Take the line containing "this 1920×1079 image." and every line after it in the data below, and print them exactly as given, with nothing else.

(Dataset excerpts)
════════════════
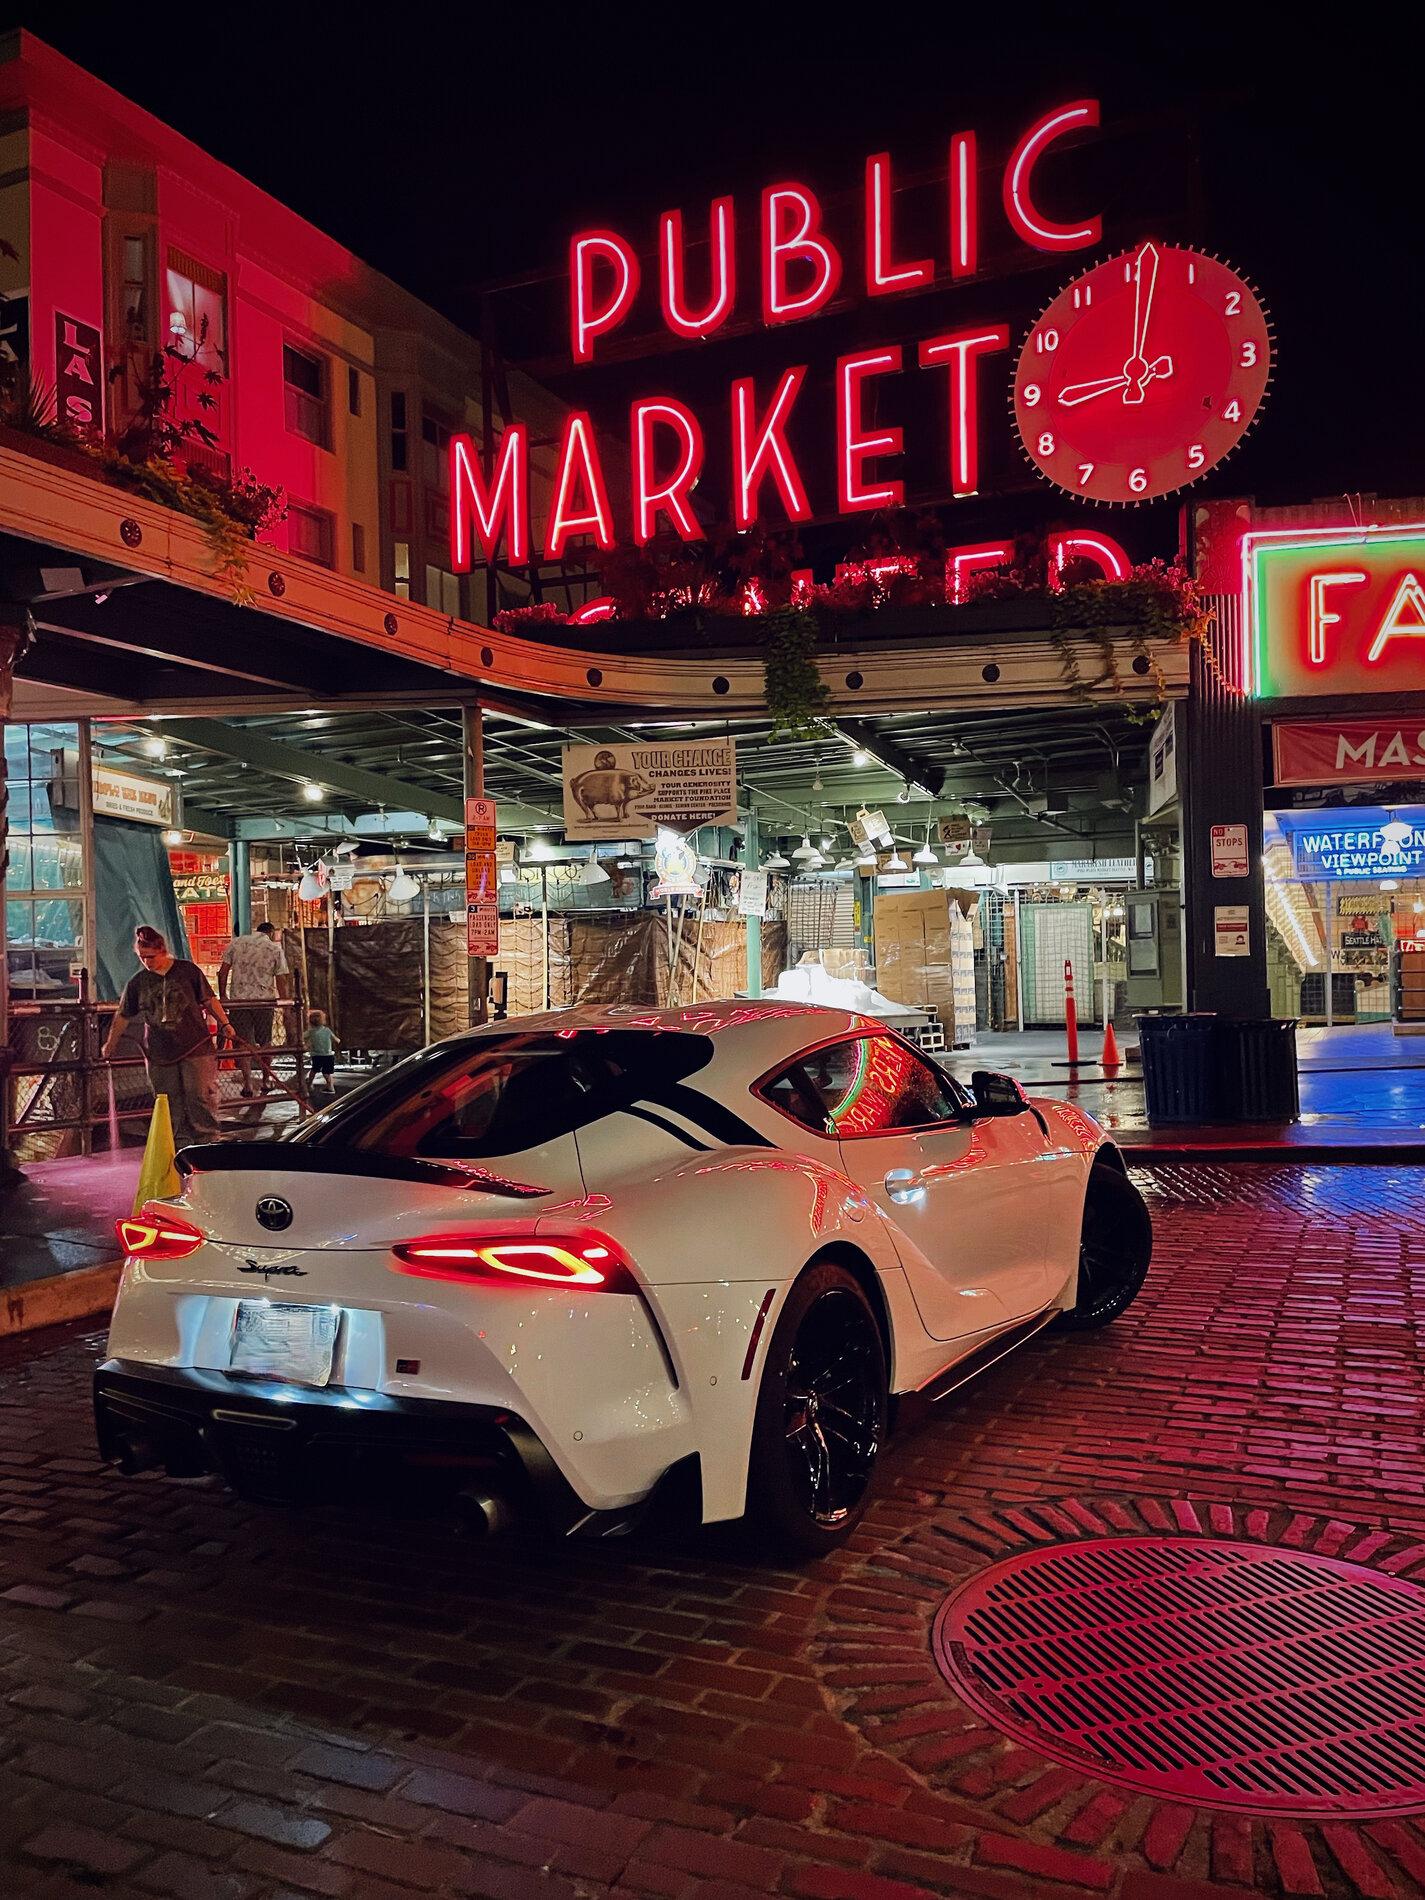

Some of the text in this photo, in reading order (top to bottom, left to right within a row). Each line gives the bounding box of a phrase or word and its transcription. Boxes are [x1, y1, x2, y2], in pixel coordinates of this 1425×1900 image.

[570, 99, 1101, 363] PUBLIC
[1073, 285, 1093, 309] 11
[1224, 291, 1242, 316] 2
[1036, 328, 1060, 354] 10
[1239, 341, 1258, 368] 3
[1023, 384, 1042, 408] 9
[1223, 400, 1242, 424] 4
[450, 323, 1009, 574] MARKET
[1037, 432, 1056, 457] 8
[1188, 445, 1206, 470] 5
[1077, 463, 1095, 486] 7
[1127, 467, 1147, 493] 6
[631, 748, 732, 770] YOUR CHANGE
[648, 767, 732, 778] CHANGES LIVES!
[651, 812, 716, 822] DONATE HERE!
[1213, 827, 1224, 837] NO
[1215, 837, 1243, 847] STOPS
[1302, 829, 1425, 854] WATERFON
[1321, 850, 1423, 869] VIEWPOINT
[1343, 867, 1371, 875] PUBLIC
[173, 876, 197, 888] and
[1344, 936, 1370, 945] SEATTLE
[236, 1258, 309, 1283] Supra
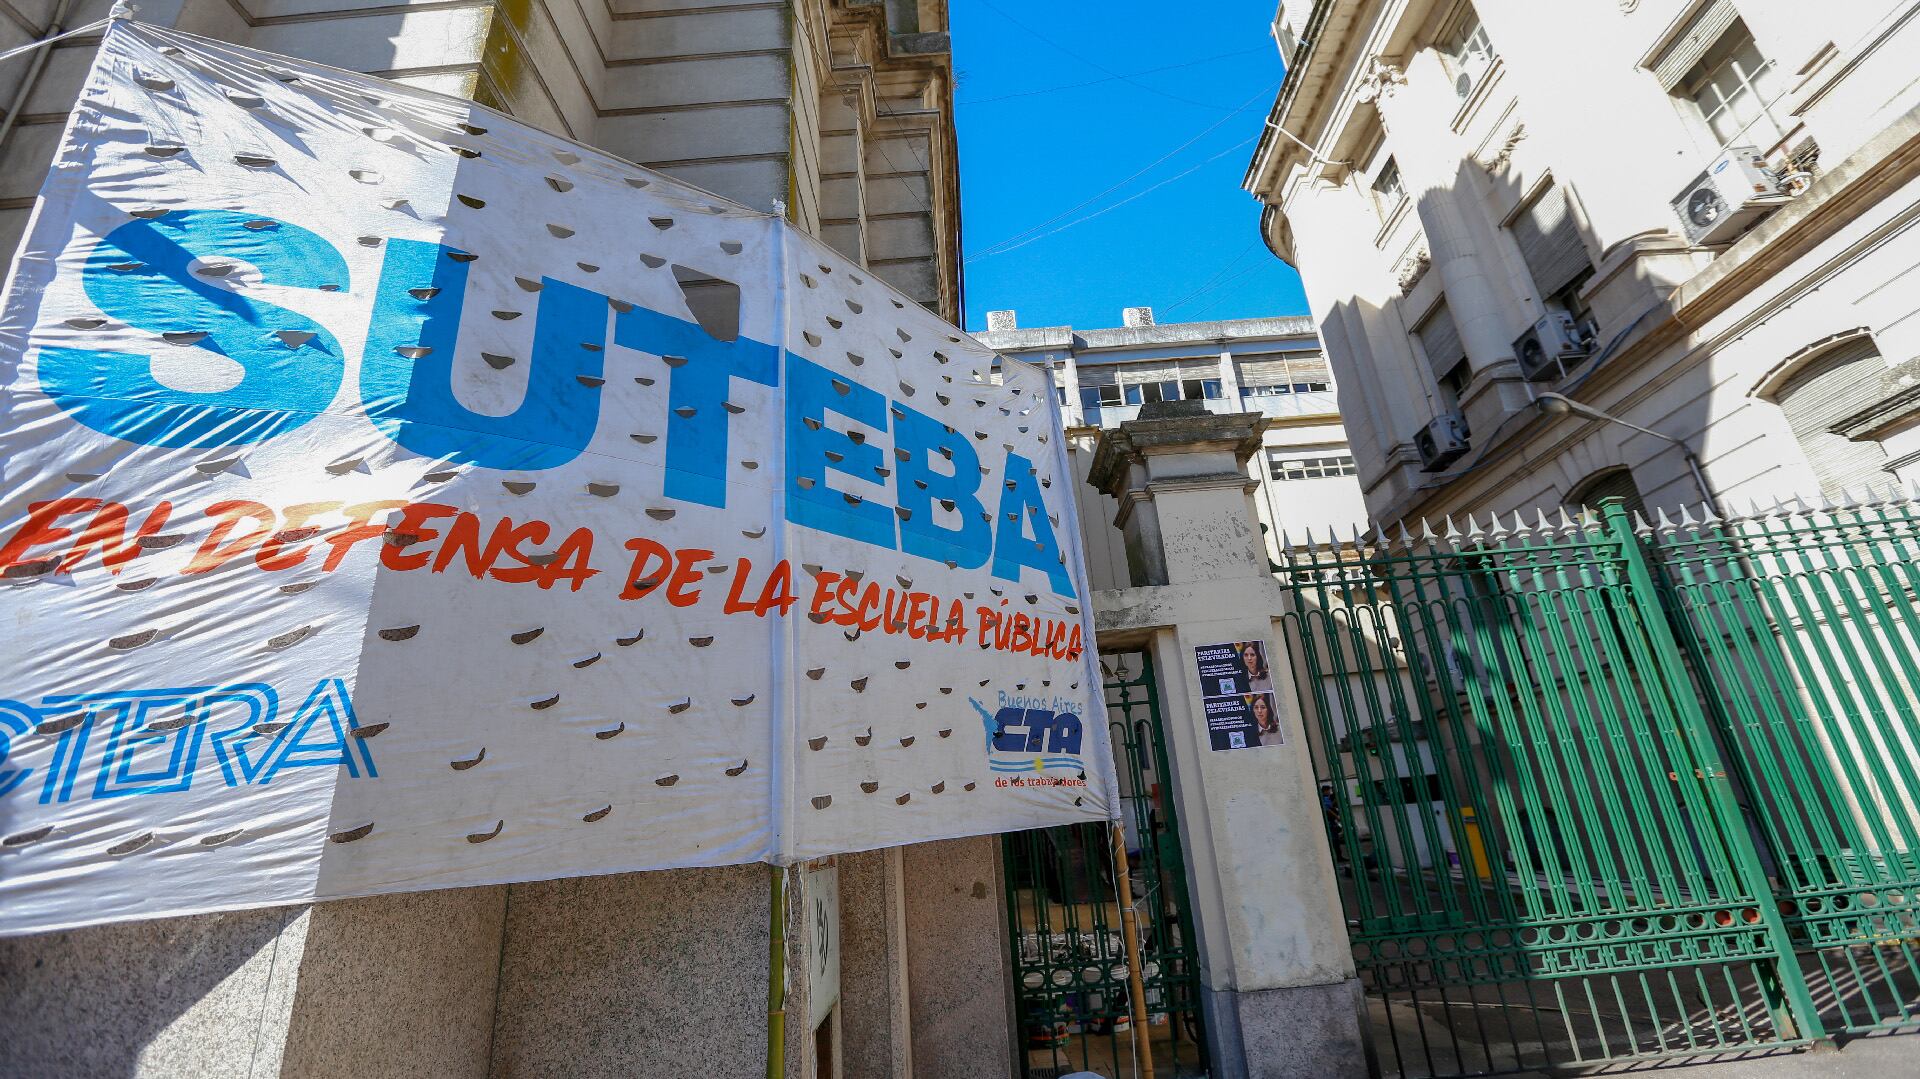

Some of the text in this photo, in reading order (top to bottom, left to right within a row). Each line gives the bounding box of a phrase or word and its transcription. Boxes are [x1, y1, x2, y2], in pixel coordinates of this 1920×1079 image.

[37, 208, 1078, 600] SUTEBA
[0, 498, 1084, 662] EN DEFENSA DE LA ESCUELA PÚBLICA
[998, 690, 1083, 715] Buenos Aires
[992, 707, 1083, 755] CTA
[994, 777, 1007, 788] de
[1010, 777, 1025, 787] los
════════════════
**Solution to the problem:**
Some of the text in this photo, in reading order (top to bottom, left to right within a row). Each line gives the bounding box of a phrase or word and its transcription. Boxes are [x1, y1, x2, y2], in pixel coordinates of this 1920×1079 image.

[37, 208, 1078, 600] SUTEBA
[0, 498, 1084, 662] EN DEFENSA DE LA ESCUELA PÚBLICA
[998, 690, 1083, 715] Buenos Aires
[992, 707, 1083, 755] CTA
[994, 777, 1007, 788] de
[1010, 777, 1025, 787] los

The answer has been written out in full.